Eles se cobriram rapidamente com o lençol. O rosto de Thiago perdeu toda a cor. Camila ficou pálida, como se tivesse visto um fantasma.
“E-Helena?!” gaguejou Thiago, sem conseguir respirar direito. “V-você não estava em Singapura?!”
“Helena… amor… eu posso explicar! Por favor!” Camila começou a chorar, tremendo inteira.
Eu os encarei, girando o vinho na taça como se assistisse a algo divertido.
“Explicar o quê, Camila? Que é mais divertido dormir com o marido da sua melhor amiga?” perguntei friamente. Olhei para Thiago. “Ou explicar como vocês planejavam roubar meu dinheiro amanhã e fugir para a Europa?”

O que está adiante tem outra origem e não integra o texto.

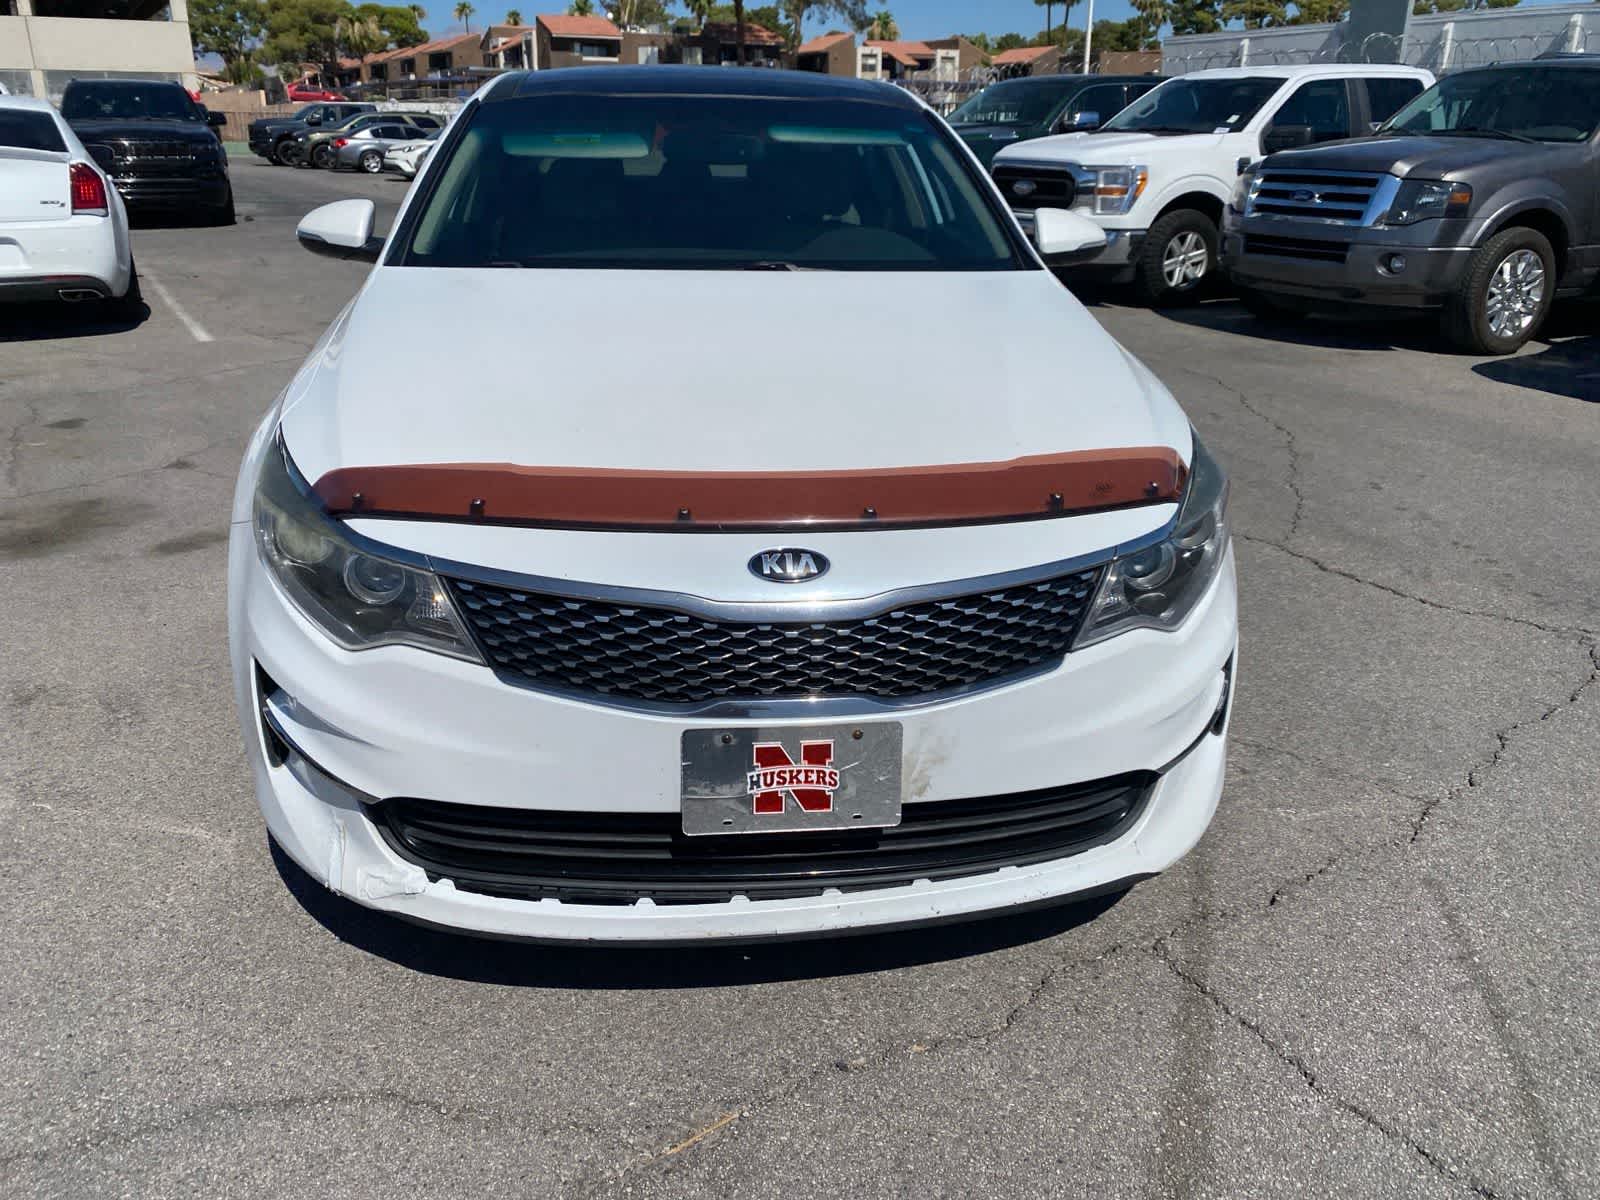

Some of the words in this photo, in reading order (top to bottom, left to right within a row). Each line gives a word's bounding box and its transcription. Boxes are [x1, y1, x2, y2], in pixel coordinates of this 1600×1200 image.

[761, 553, 818, 574] KIA
[747, 768, 839, 791] HUSKERS
[752, 739, 834, 814] N

Thiago ficou em choque. “V-você… sabia?”

A sentença
Levantei-me e caminhei até a beira da cama. Peguei um envelope marrom grosso da minha bolsa e joguei na direção dele.
“Abra,” ordenei.
Com mãos trêmulas, Thiago abriu o envelope. Ao ver os documentos, seu corpo pareceu desmoronar.

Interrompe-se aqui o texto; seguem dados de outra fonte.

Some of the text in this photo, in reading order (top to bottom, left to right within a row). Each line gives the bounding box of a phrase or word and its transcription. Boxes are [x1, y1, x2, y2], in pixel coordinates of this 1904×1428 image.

“Eu já sabia de tudo há três meses,” disse com calma. “Acham que o sucesso do seu escritório foi por acaso, Thiago? O dinheiro era meu o tempo todo. Mas quando descobri que você estava desviando fundos da empresa para comprar um apartamento para sua amante, retirei tudo hoje de manhã.”

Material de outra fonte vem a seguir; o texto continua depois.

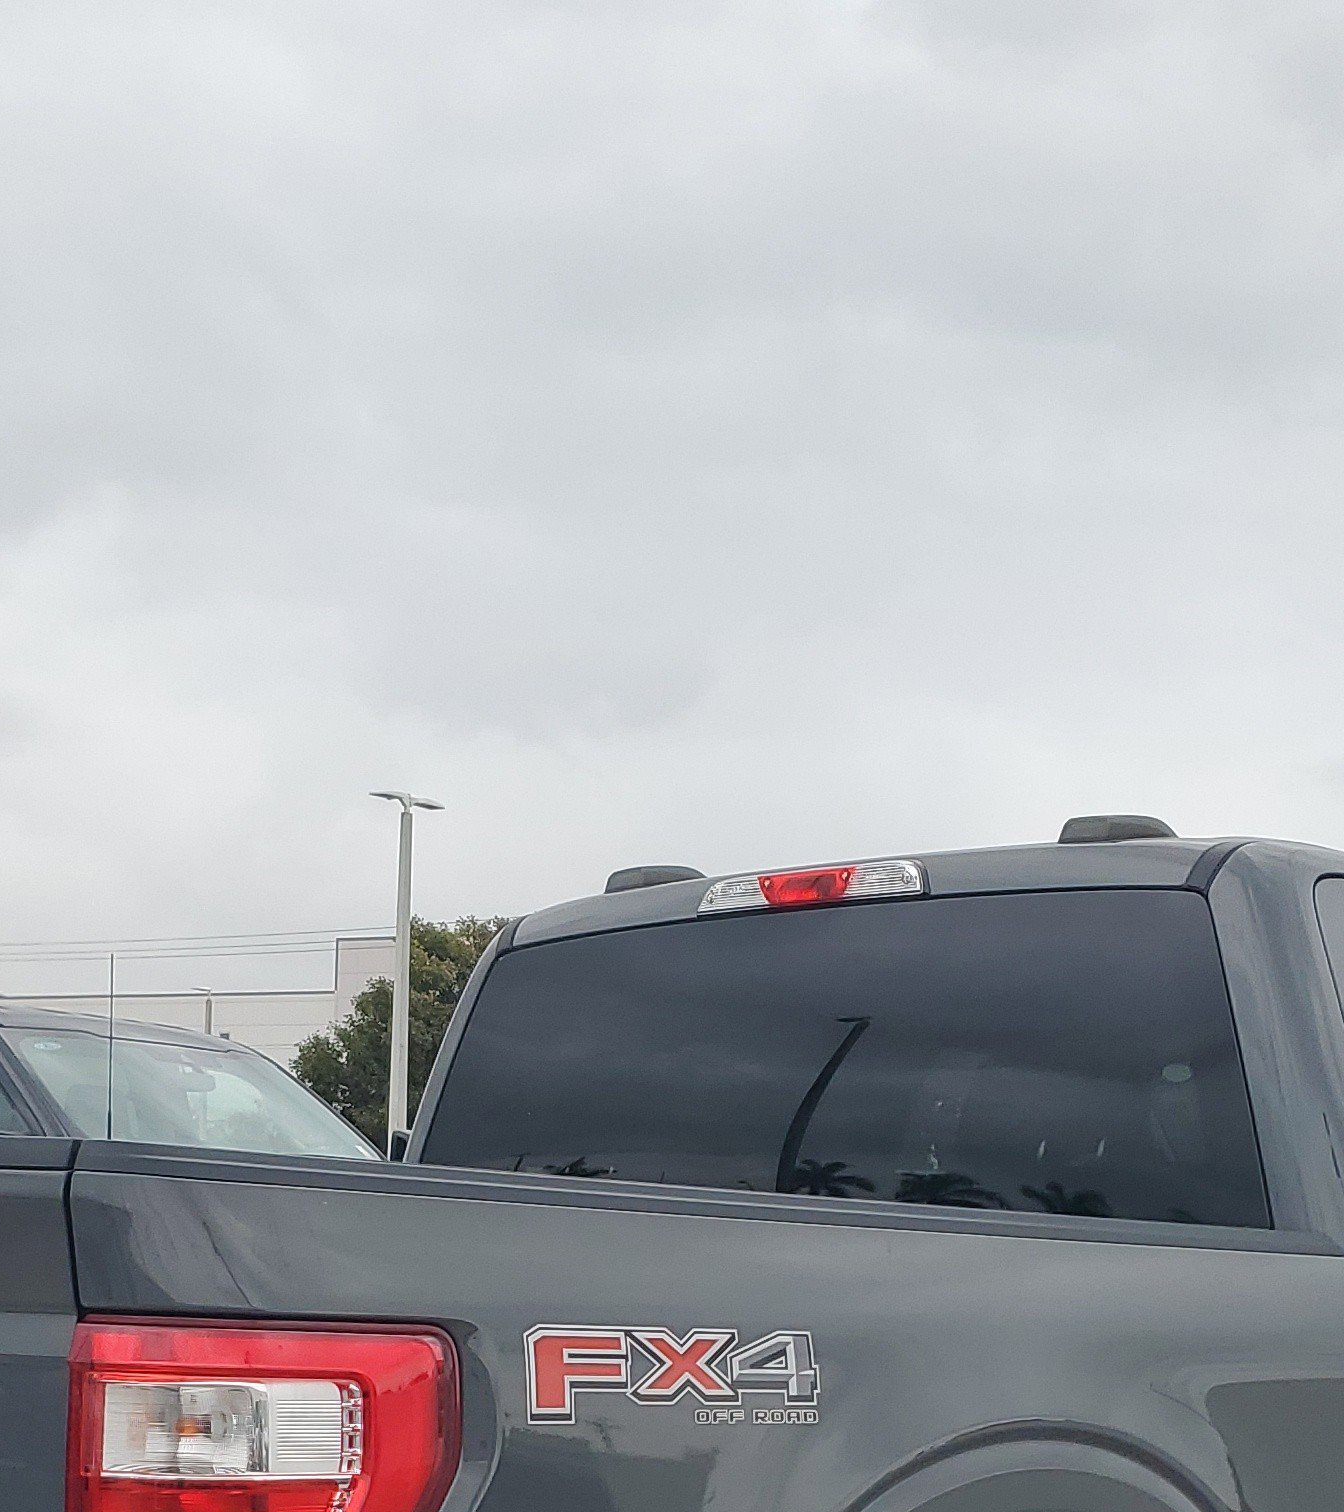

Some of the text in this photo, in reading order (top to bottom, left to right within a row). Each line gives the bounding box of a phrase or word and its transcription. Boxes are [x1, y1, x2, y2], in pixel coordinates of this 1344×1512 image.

[523, 1323, 821, 1425] FX4
[694, 1408, 819, 1425] OFF ROAD

“Não… não pode ser…” ele murmurou.
“Pode sim. E não é só isso. Seu escritório está falido. Os bancos já apreenderam seus carros porque você não tem como pagar as dívidas.”
Camila começou a chorar desesperadamente.
“E você, Camila… está demitida. Além disso, já abri um processo contra você por espionagem corporativa e desvio de informações confidenciais. As provas são incontestáveis.”
“Helena, por favor! Eu sou sua amiga!” ela implorou, tentando se aproximar, mas recuei imediatamente.
“Não encoste em mim. Vocês dois me dão nojo.”

A chegada das autoridades
De repente, sirenes soaram do lado de fora da mansão. Luzes azuis e vermelhas começaram a iluminar o ambiente.
Os olhos de Thiago se arregalaram.
“Polícia?! Helena, não! Eu sou seu marido!”
Ele caiu de joelhos na cama, ainda enrolado no lençol.
“Eu te amo! Eu só errei! Não me destrua assim!”
Terminei meu vinho, coloquei a taça sobre a mesa e me levantei.
“Os policiais estão aqui para prendê-los por fraude corporativa e outros crimes financeiros,” disse com frieza. “Eu até gostaria de ver vocês sendo levados assim… mas o ar deste quarto já está sujo demais.”
Virei-me para sair.
Antes de abrir a porta, olhei para trás pela última vez.
“Aproveitem essa cama,” falei com um leve sorriso. “Porque a partir de amanhã, vocês vão dormir no chão frio de uma cela.”

O fim
Abri a porta e encontrei os policiais subindo as escadas. Apontei para o quarto principal.
Depois, desci as escadas com passos firmes, cabeça erguida.
Atrás de mim, ouvia-se o caos: gritos, súplicas, acusações, o som das algemas sendo fechadas.
E pela primeira vez em muito tempo, senti paz.
Às vezes, a maior vingança não é gritar ou implorar.
É permanecer em silêncio.
É manter a calma.
E destruir tudo o que eles achavam que nunca poderiam perder.